== TASK ITEM ==
Each line of data below must be printed exactly as written, with any pictures removed.

-- -- --

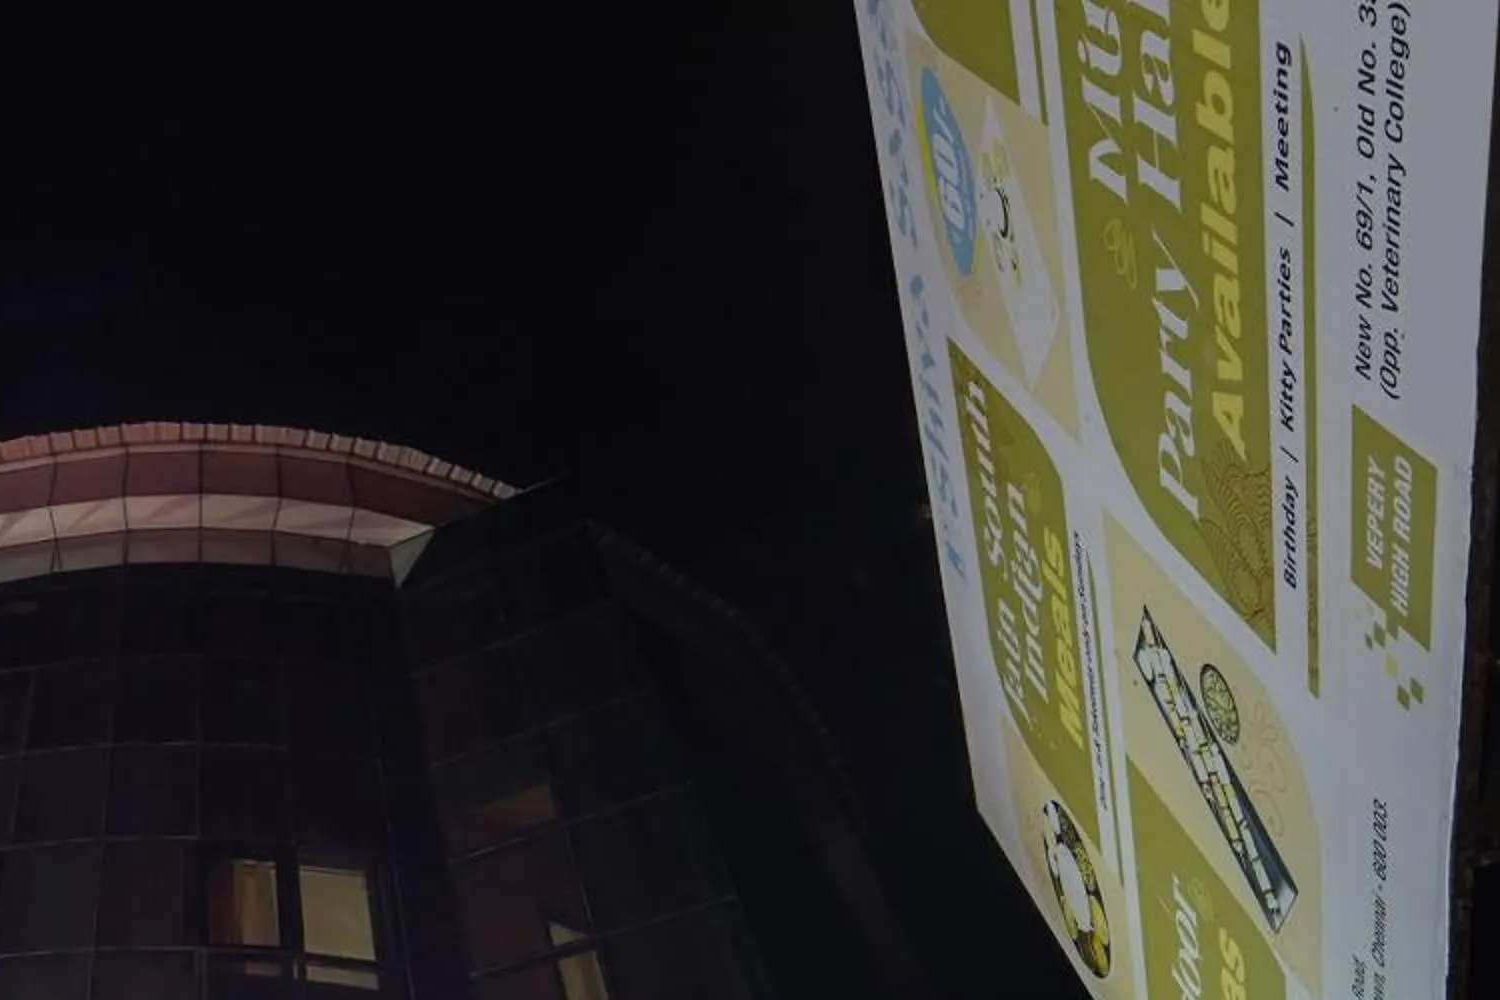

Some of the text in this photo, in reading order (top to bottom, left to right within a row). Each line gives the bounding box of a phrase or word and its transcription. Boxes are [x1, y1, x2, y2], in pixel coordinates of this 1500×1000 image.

[1272, 40, 1293, 191] Meeting
[1353, 0, 1378, 380] New No. 69/1, Old No. 3
[1193, 0, 1248, 460] Available
[1380, 0, 1411, 399] (Opp. Veterinary College)
[1151, 227, 1200, 517] Party
[1275, 246, 1294, 355] Parties
[1277, 360, 1297, 431] Kitty
[1279, 474, 1300, 589] Birthday
[1366, 452, 1384, 571] VEPERY
[1389, 452, 1413, 616] HIGH ROAD
[1041, 524, 1084, 748] Meals
[1371, 895, 1386, 966] Chennai

-- -- --

== SOLUTION ==
Some of the text in this photo, in reading order (top to bottom, left to right within a row). Each line gives the bounding box of a phrase or word and its transcription. Boxes are [x1, y1, x2, y2], in pixel coordinates of this 1500×1000 image.

[1272, 40, 1293, 191] Meeting
[1353, 0, 1378, 380] New No. 69/1, Old No. 3
[1193, 0, 1248, 460] Available
[1380, 0, 1411, 399] (Opp. Veterinary College)
[1151, 227, 1200, 517] Party
[1275, 246, 1294, 355] Parties
[1277, 360, 1297, 431] Kitty
[1279, 474, 1300, 589] Birthday
[1366, 452, 1384, 571] VEPERY
[1389, 452, 1413, 616] HIGH ROAD
[1041, 524, 1084, 748] Meals
[1371, 895, 1386, 966] Chennai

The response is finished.